Work request:
Reproduce the listing below in full and exactly; no pictures belong in the copy.

Working data:
╭──

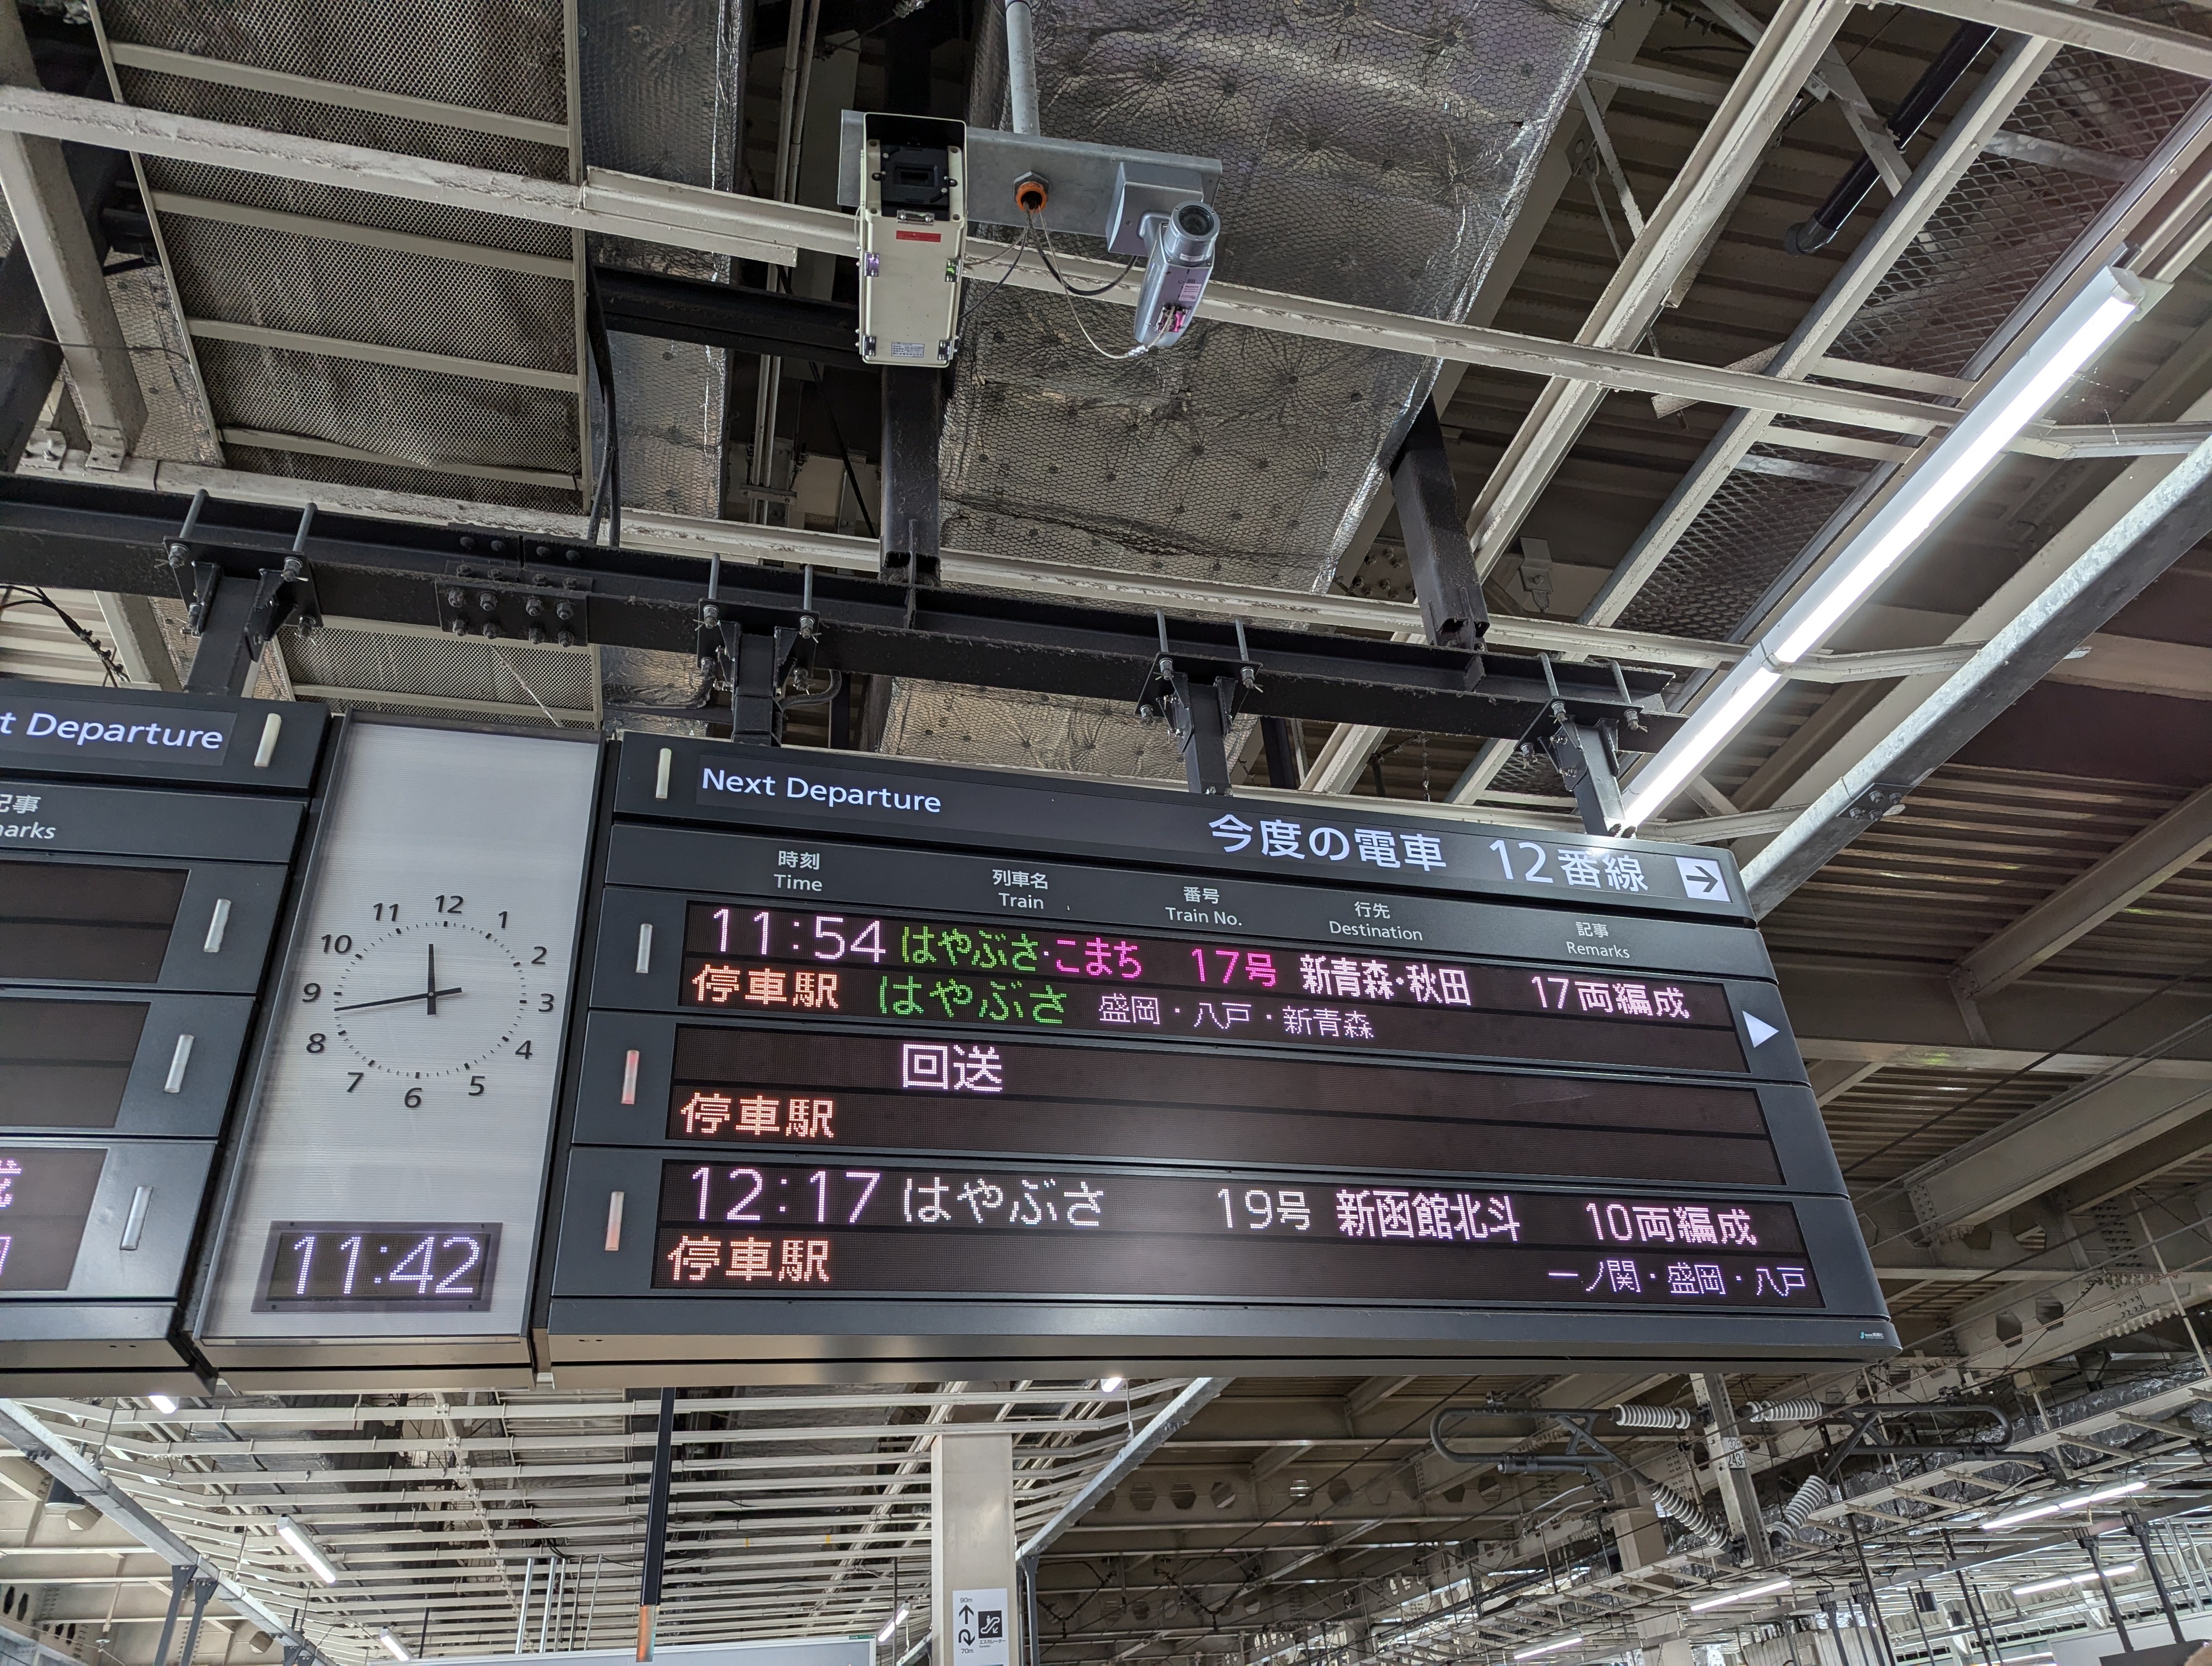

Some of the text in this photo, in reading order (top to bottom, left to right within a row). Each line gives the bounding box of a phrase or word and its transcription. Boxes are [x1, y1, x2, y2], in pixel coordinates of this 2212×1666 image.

[27, 713, 222, 748] Departure
[703, 768, 941, 812] Next Departure
[779, 851, 819, 870] 時刻
[1209, 813, 1649, 892] 今度の電車 12番線
[774, 874, 822, 891] Time
[993, 869, 1047, 889] 列車名
[435, 895, 464, 914] 12
[999, 893, 1043, 909] Train
[1184, 887, 1219, 904] 番号
[373, 903, 399, 922] 11
[498, 911, 509, 929] 1
[1165, 907, 1242, 926] Train No.
[1354, 901, 1390, 919] 行先
[1329, 921, 1423, 940] Destination
[1576, 921, 1609, 938] 記事
[321, 934, 352, 954] 10
[1566, 941, 1630, 959] Remarks
[531, 946, 547, 965] 2
[714, 909, 885, 962] 11:54
[1192, 949, 1276, 986] 17号
[1531, 976, 1690, 1019] 17両編成
[301, 983, 321, 1003] 9
[692, 964, 838, 1008] 停車駅
[880, 976, 1066, 1023] はやぶさ
[538, 994, 554, 1013] 3
[306, 1033, 326, 1054] 8
[515, 1040, 532, 1060] 4
[903, 1044, 1002, 1092] 回送
[346, 1072, 364, 1093] 7
[468, 1076, 486, 1096] 5
[404, 1087, 422, 1108] 6
[681, 1093, 834, 1138] 停車駅
[693, 1168, 1757, 1245] 12:17 はやぶさ 19号 新函館北斗 10両編成
[294, 1236, 479, 1294] 11:42
[668, 1235, 829, 1281] 停車駅
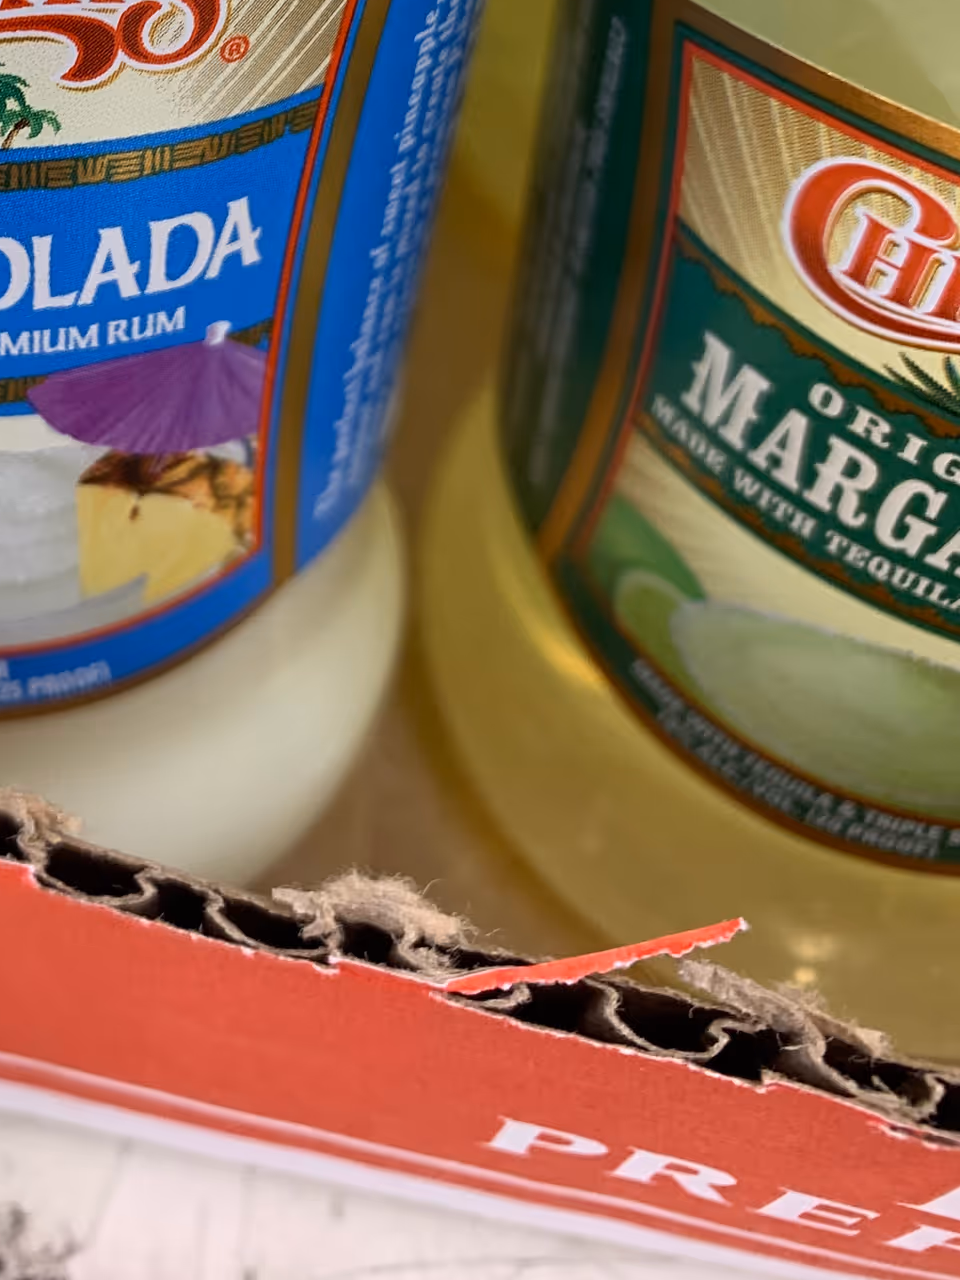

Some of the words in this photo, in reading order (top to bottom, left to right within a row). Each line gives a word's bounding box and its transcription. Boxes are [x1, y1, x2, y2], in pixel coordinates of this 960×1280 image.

[105, 305, 187, 346] RUM
[652, 392, 728, 475] MADE
[731, 468, 819, 540] WITH
[808, 382, 960, 486] ORIG
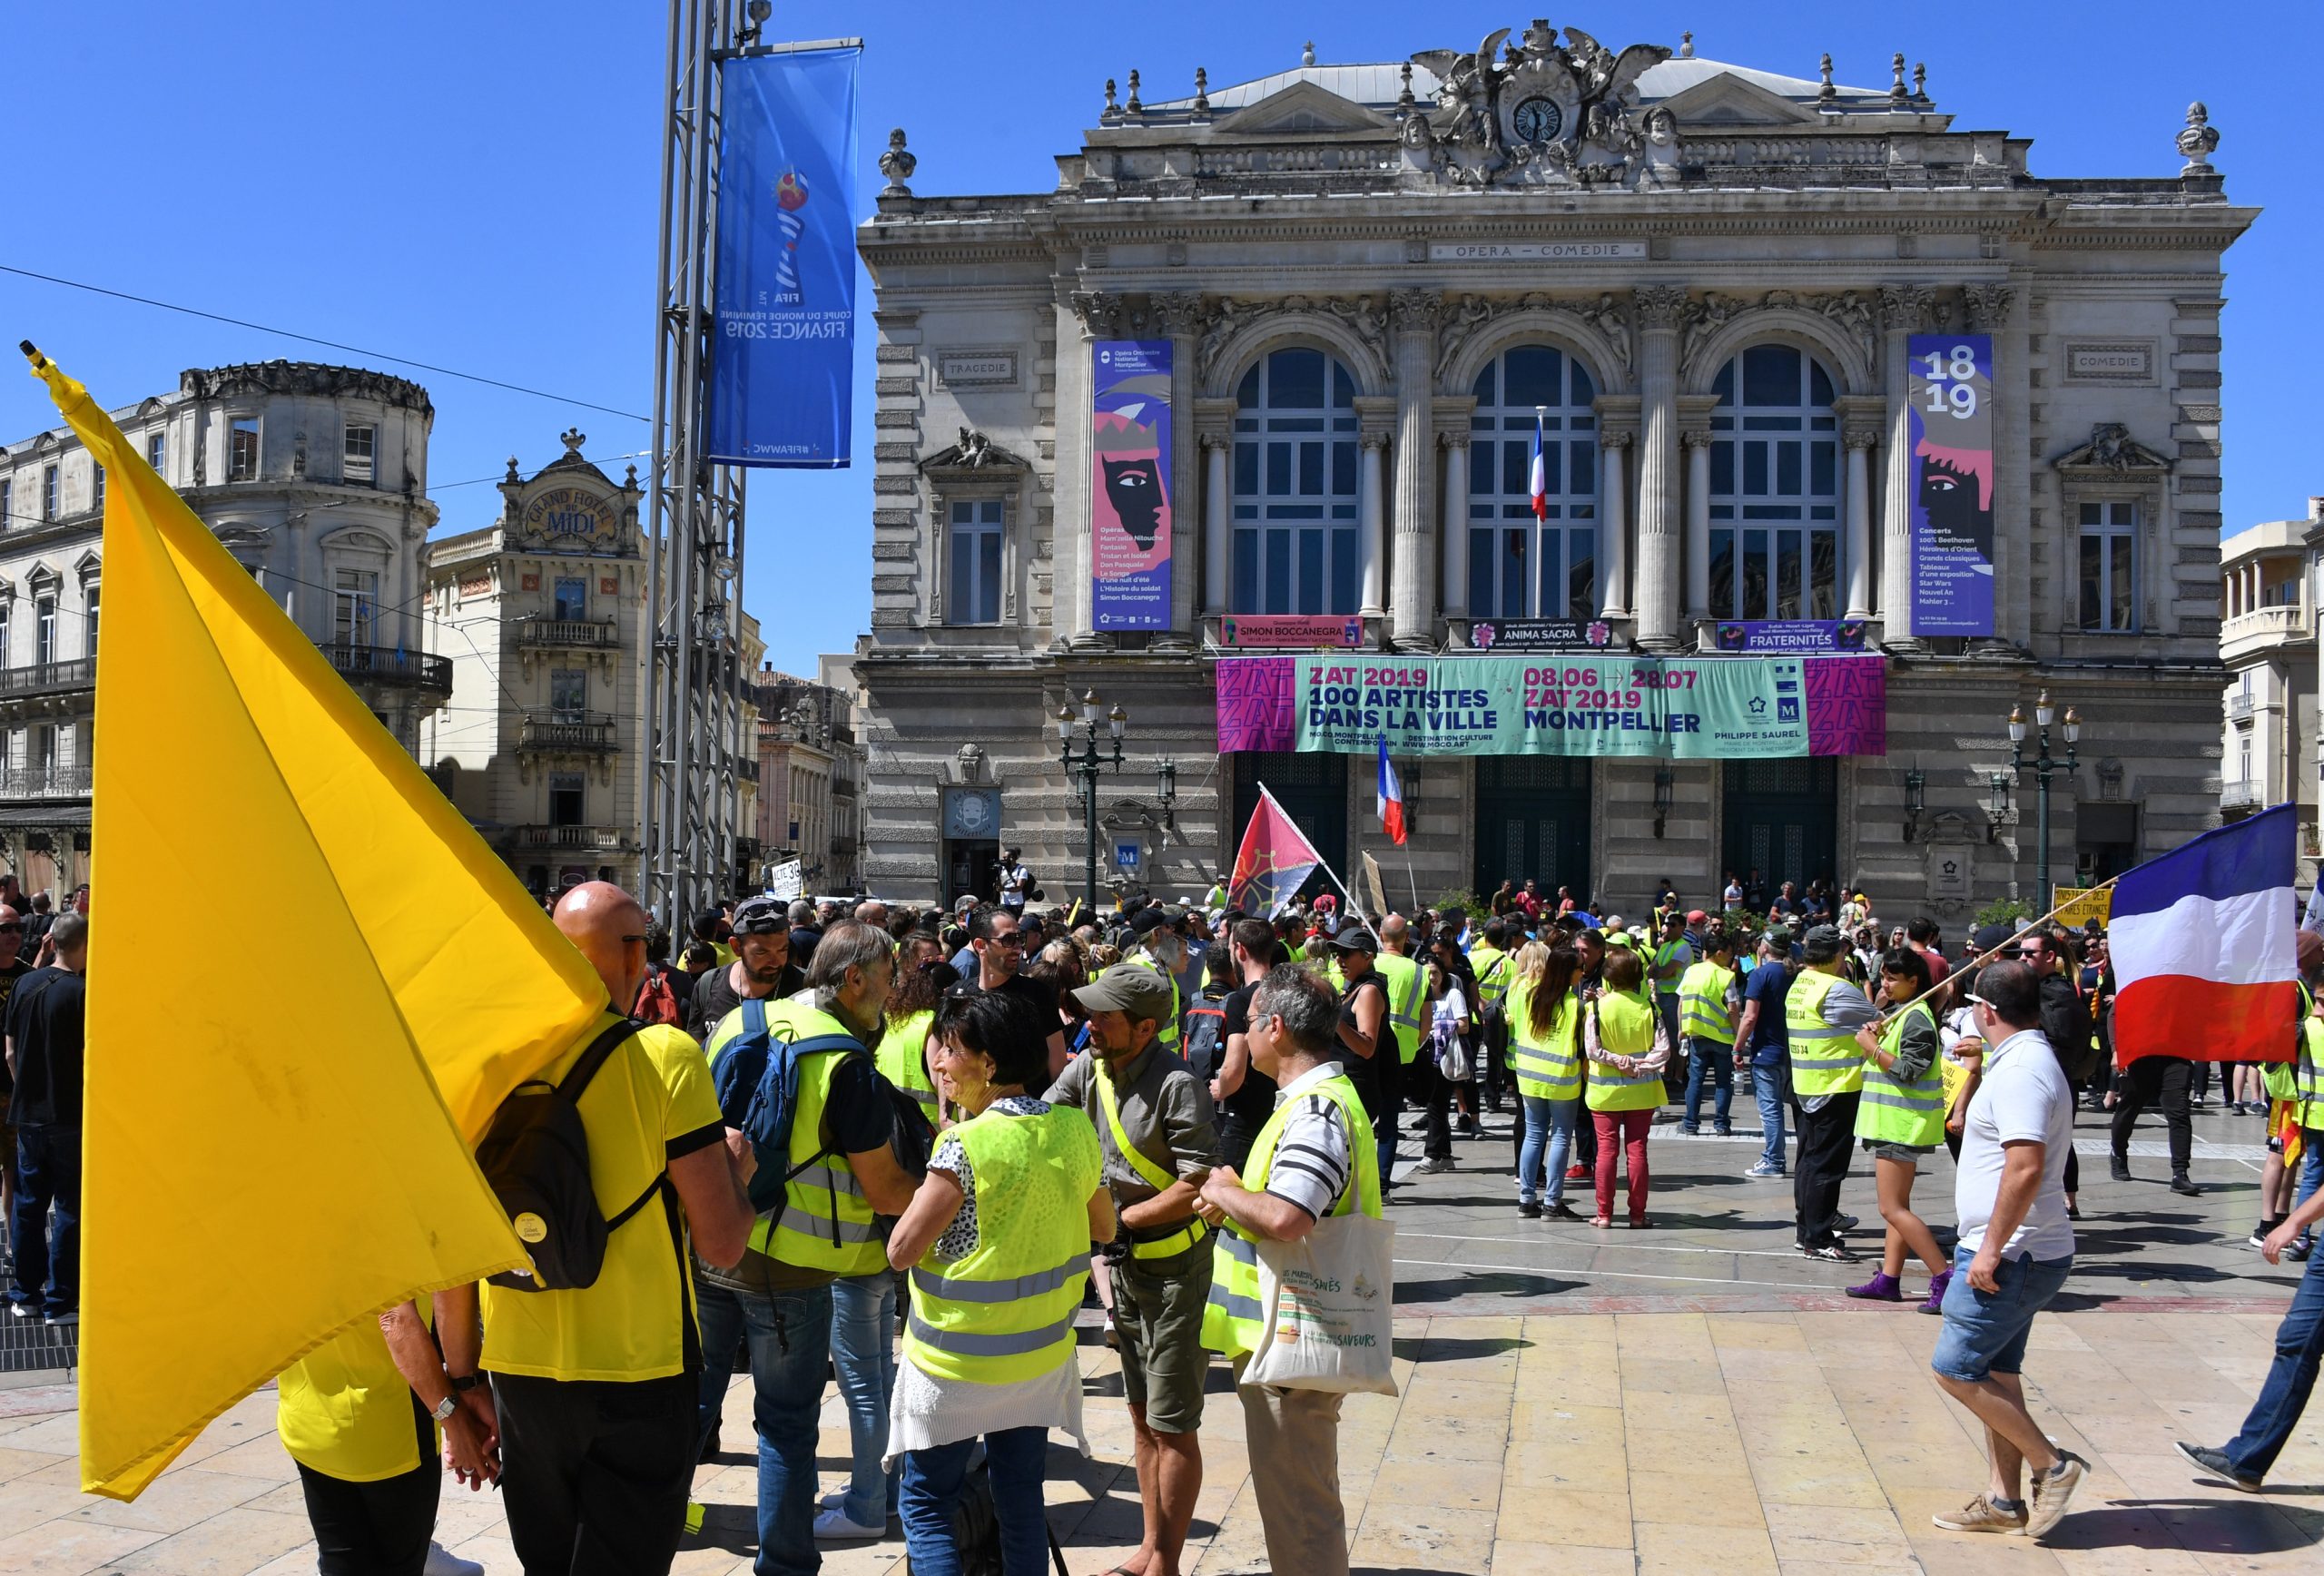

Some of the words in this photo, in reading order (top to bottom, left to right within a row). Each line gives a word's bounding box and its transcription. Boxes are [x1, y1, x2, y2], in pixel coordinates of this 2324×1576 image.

[1456, 246, 1512, 257] OPERA
[1541, 245, 1620, 256] COMEDIE
[1925, 345, 1976, 380] 18
[2079, 357, 2139, 366] COMEDIE
[949, 364, 1006, 374] TRAGEDIE
[1925, 383, 1976, 419] 19
[529, 491, 569, 522] GRAND
[574, 492, 611, 523] HOTEL
[547, 512, 595, 533] MIDI
[1240, 627, 1272, 635] SIMON
[1275, 627, 1342, 636] BOCCANEGRA
[1504, 630, 1539, 640] ANIMA
[1541, 629, 1577, 639] SACRA
[1750, 632, 1832, 646] FRATERNITÉS
[1309, 667, 1357, 685] ZAT
[1364, 668, 1428, 687] 2019
[1524, 668, 1598, 687] 08.06
[1630, 670, 1698, 690] 28.07
[1309, 687, 1359, 705] 100
[1364, 688, 1489, 709] ARTISTES
[1524, 689, 1572, 708] ZAT
[1575, 689, 1641, 709] 2019
[1782, 705, 1795, 717] M
[1309, 708, 1379, 728] DANS
[1386, 710, 1421, 730] LA
[1427, 710, 1497, 730] VILLE
[1524, 710, 1700, 733] MONTPELLIER
[1762, 730, 1801, 739] SAUREL
[963, 790, 992, 802] Comédie
[1121, 851, 1134, 862] M
[1313, 1277, 1341, 1292] SAVÈS
[1337, 1334, 1376, 1347] SAVEURS

╰──

Response to this task:
Some of the text in this photo, in reading order (top to bottom, left to right within a row). Each line gives the bounding box of a phrase or word and its transcription. Boxes are [x1, y1, x2, y2], in pixel coordinates of this 2212×1666 image.

[27, 713, 222, 748] Departure
[703, 768, 941, 812] Next Departure
[779, 851, 819, 870] 時刻
[1209, 813, 1649, 892] 今度の電車 12番線
[774, 874, 822, 891] Time
[993, 869, 1047, 889] 列車名
[435, 895, 464, 914] 12
[999, 893, 1043, 909] Train
[1184, 887, 1219, 904] 番号
[373, 903, 399, 922] 11
[498, 911, 509, 929] 1
[1165, 907, 1242, 926] Train No.
[1354, 901, 1390, 919] 行先
[1329, 921, 1423, 940] Destination
[1576, 921, 1609, 938] 記事
[321, 934, 352, 954] 10
[1566, 941, 1630, 959] Remarks
[531, 946, 547, 965] 2
[714, 909, 885, 962] 11:54
[1192, 949, 1276, 986] 17号
[1531, 976, 1690, 1019] 17両編成
[301, 983, 321, 1003] 9
[692, 964, 838, 1008] 停車駅
[880, 976, 1066, 1023] はやぶさ
[538, 994, 554, 1013] 3
[306, 1033, 326, 1054] 8
[515, 1040, 532, 1060] 4
[903, 1044, 1002, 1092] 回送
[346, 1072, 364, 1093] 7
[468, 1076, 486, 1096] 5
[404, 1087, 422, 1108] 6
[681, 1093, 834, 1138] 停車駅
[693, 1168, 1757, 1245] 12:17 はやぶさ 19号 新函館北斗 10両編成
[294, 1236, 479, 1294] 11:42
[668, 1235, 829, 1281] 停車駅

Some of the words in this photo, in reading order (top to bottom, left to right within a row). Each line gives a word's bounding box and its transcription. Boxes are [x1, y1, x2, y2], in pixel coordinates of this 960×1280 image.

[105, 305, 187, 346] RUM
[652, 392, 728, 475] MADE
[731, 468, 819, 540] WITH
[808, 382, 960, 486] ORIG

Some of the words in this photo, in reading order (top to bottom, left to right within a row). Each line gives a word's bounding box and its transcription. Boxes are [x1, y1, x2, y2], in pixel coordinates of this 2324×1576 image.

[1456, 246, 1512, 257] OPERA
[1541, 245, 1620, 256] COMEDIE
[1925, 345, 1976, 380] 18
[2079, 357, 2139, 366] COMEDIE
[949, 364, 1006, 374] TRAGEDIE
[1925, 383, 1976, 419] 19
[529, 491, 569, 522] GRAND
[574, 492, 611, 523] HOTEL
[547, 512, 595, 533] MIDI
[1240, 627, 1272, 635] SIMON
[1275, 627, 1342, 636] BOCCANEGRA
[1504, 630, 1539, 640] ANIMA
[1541, 629, 1577, 639] SACRA
[1750, 632, 1832, 646] FRATERNITÉS
[1309, 667, 1357, 685] ZAT
[1364, 668, 1428, 687] 2019
[1524, 668, 1598, 687] 08.06
[1630, 670, 1698, 690] 28.07
[1309, 687, 1359, 705] 100
[1364, 688, 1489, 709] ARTISTES
[1524, 689, 1572, 708] ZAT
[1575, 689, 1641, 709] 2019
[1782, 705, 1795, 717] M
[1309, 708, 1379, 728] DANS
[1386, 710, 1421, 730] LA
[1427, 710, 1497, 730] VILLE
[1524, 710, 1700, 733] MONTPELLIER
[1762, 730, 1801, 739] SAUREL
[963, 790, 992, 802] Comédie
[1121, 851, 1134, 862] M
[1313, 1277, 1341, 1292] SAVÈS
[1337, 1334, 1376, 1347] SAVEURS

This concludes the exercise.